How is my job making a difference in the life of my colleagues?

Speaking from my experience so far, I would say it’s all about the small gestures. For example, taking the time to listen to a colleague’s car accident story even if I’m in the middle of an important project, or ordering gluten-free beer for a colleague that requires it. It’s the candies I leave on the doorstep of an employee during the covid pandemic or buying breakfast for someone who couldn’t eat because of an emergency. All the little things that don’t require a lot of time or energy, but which never fail to put a smile on my colleagues’ faces.

For this, you need to be alert, listen to everyone’s needs, be available and know how to avoid tensions, whether personal or professional. It allows you to constantly assess what is already in place and try to improve it. I can personally vouch for the impact this has had on our team spirit.

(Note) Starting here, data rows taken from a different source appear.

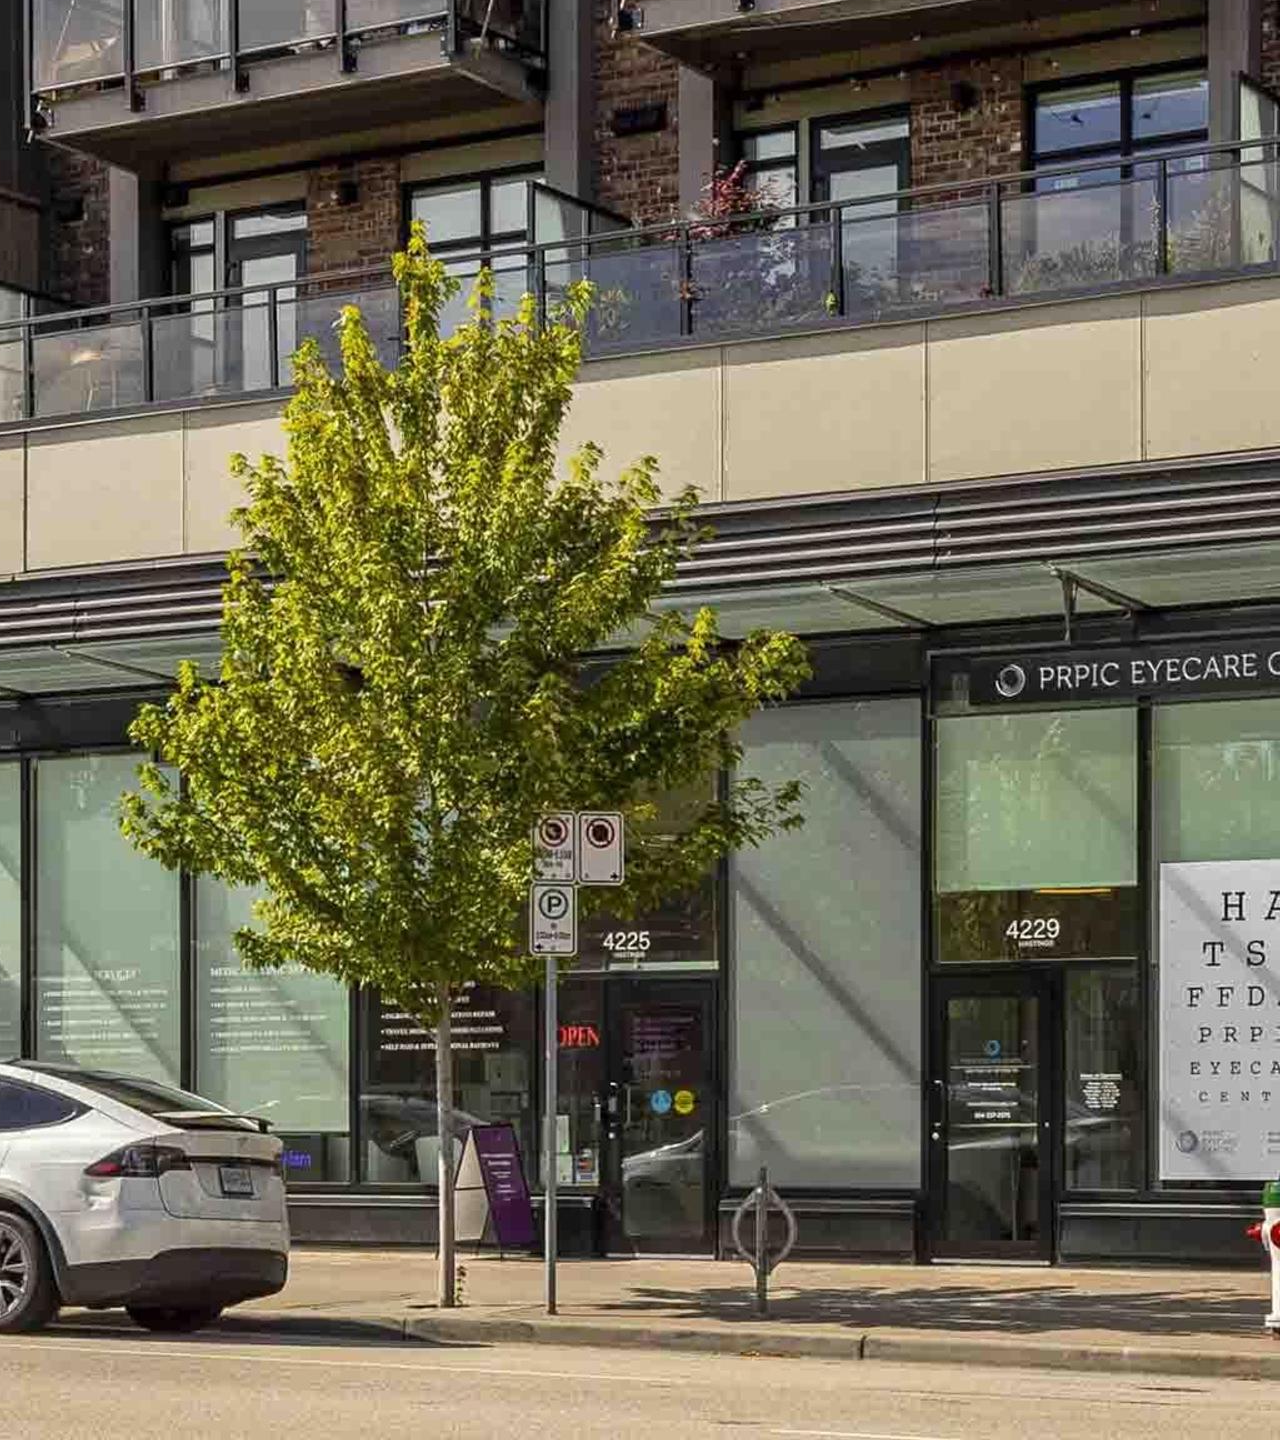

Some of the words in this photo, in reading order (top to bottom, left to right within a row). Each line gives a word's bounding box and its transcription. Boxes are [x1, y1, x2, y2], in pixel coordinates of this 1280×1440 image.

[1039, 662, 1120, 689] PRPIC
[1131, 653, 1258, 684] EYECARE
[1006, 918, 1060, 939] 4229
[603, 931, 651, 950] 4225
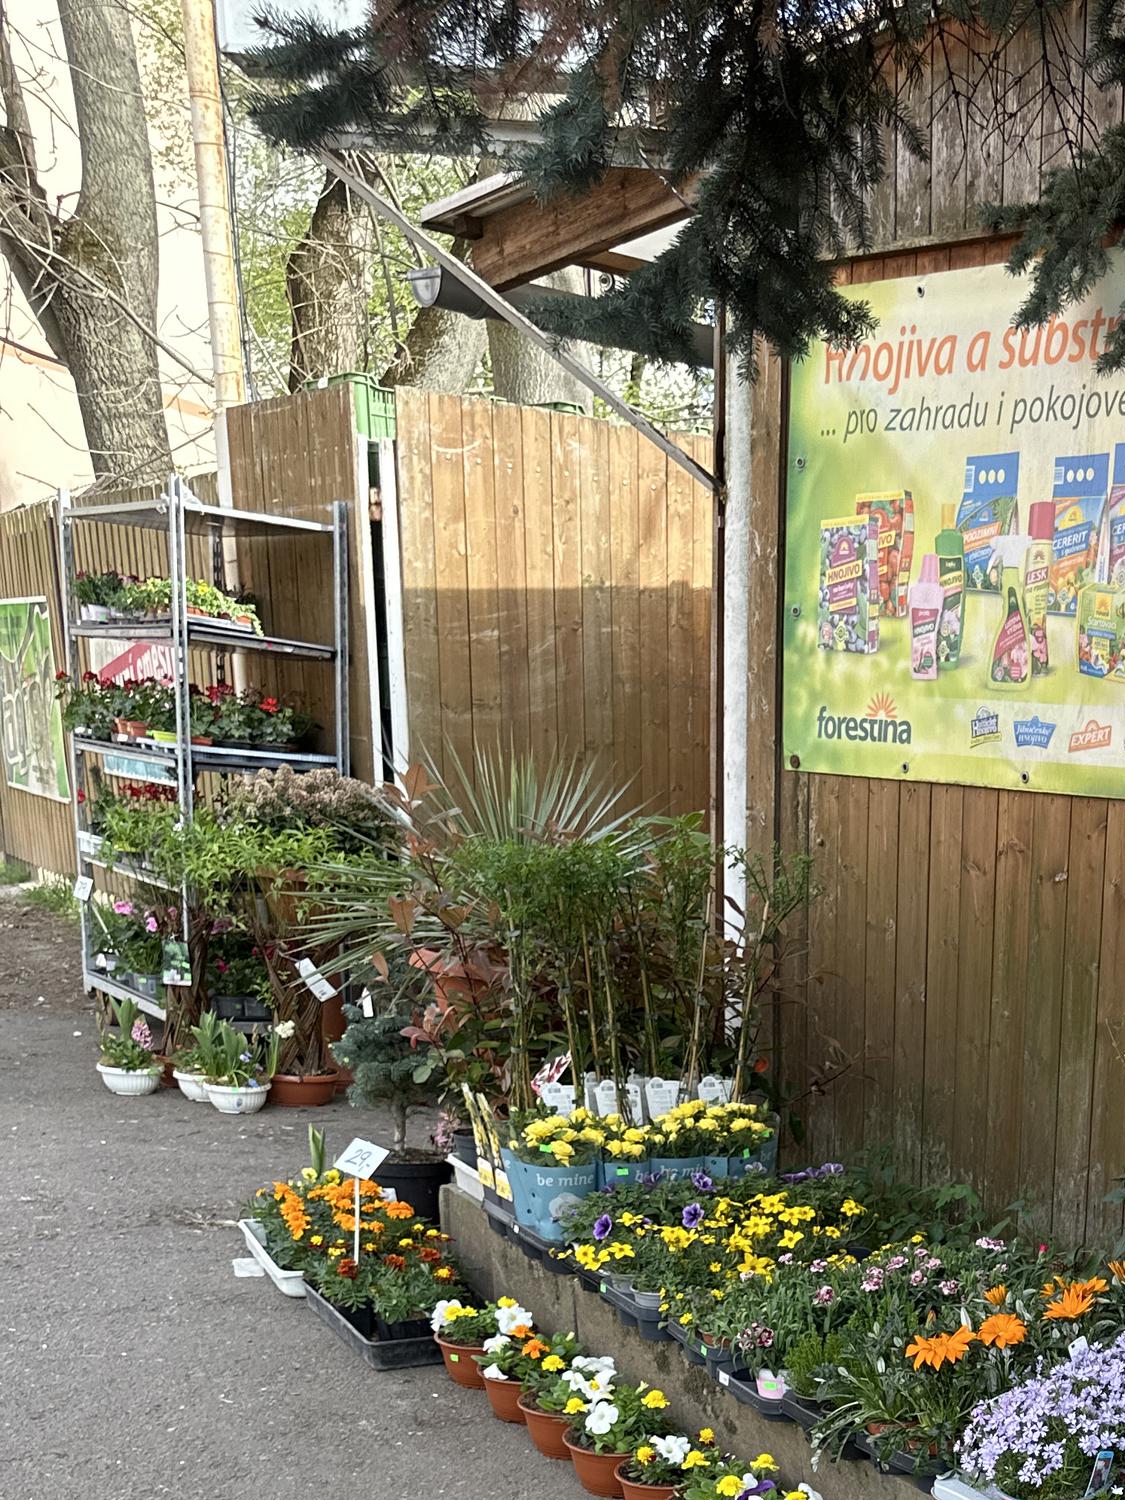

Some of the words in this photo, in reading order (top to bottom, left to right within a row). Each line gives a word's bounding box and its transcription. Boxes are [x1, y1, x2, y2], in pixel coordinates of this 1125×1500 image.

[966, 330, 992, 374] a
[843, 407, 878, 443] pro
[884, 391, 989, 431] zahradu
[996, 390, 1005, 426] i
[817, 705, 912, 745] forestina
[1071, 728, 1110, 745] EXPERT
[536, 1172, 554, 1187] be
[558, 1173, 594, 1187] mine
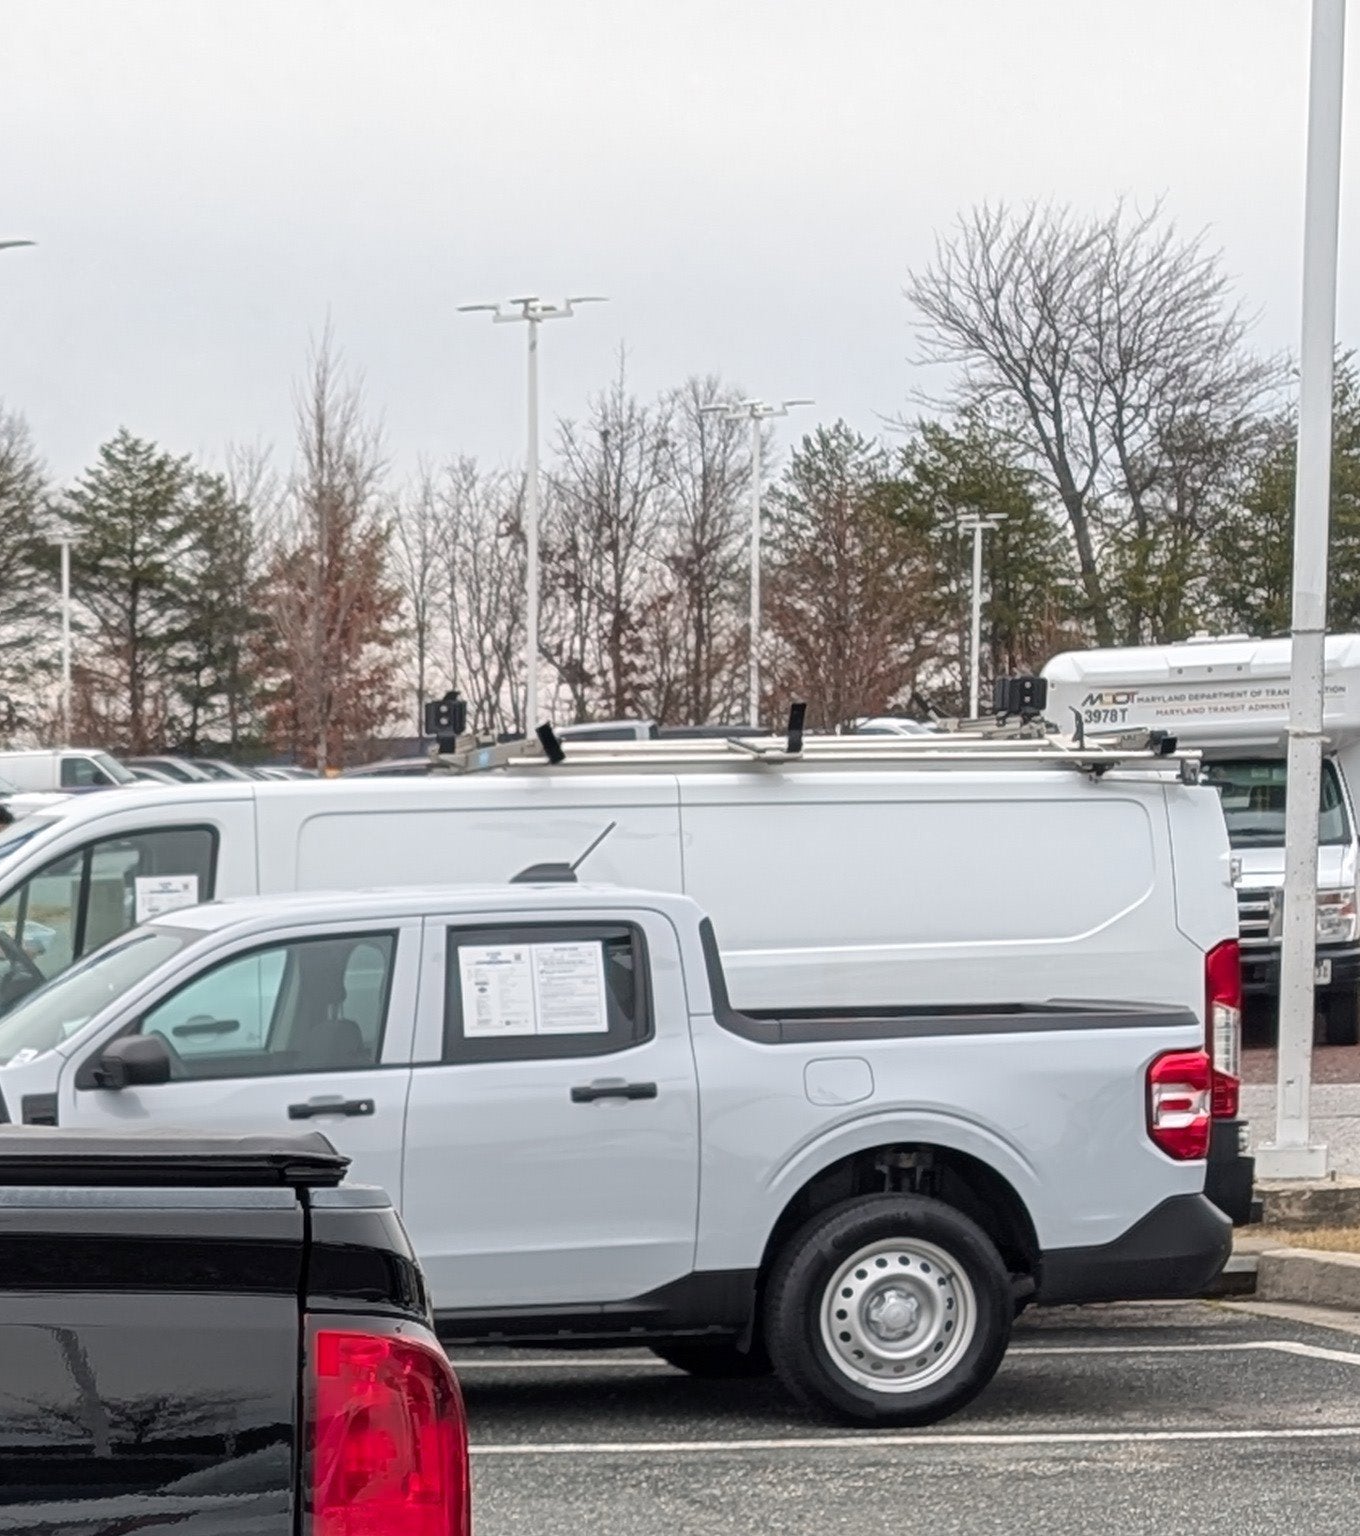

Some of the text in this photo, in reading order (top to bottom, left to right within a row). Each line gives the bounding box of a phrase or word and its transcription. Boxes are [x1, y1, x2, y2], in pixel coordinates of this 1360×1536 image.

[1137, 693, 1186, 703] MARYLAND
[1187, 690, 1248, 701] DEPARTMENT
[1250, 689, 1262, 698] OF
[1155, 706, 1206, 716] MARYLAND
[1208, 704, 1245, 714] TRANSIT

Speaking of, I can’t tell you how big of a challenge it was to keep spirits up during lockdown and bring happiness through screens. Finding a way to keep in touch with each other was a real head-scratcher. I had to use a good dose of creativity, which is an essential part of my job.
I would like to conclude by telling you this: never hesitate to make any small gestures, no matter how simple. It will surely light a spark that will make all the difference in your coworkers’ day.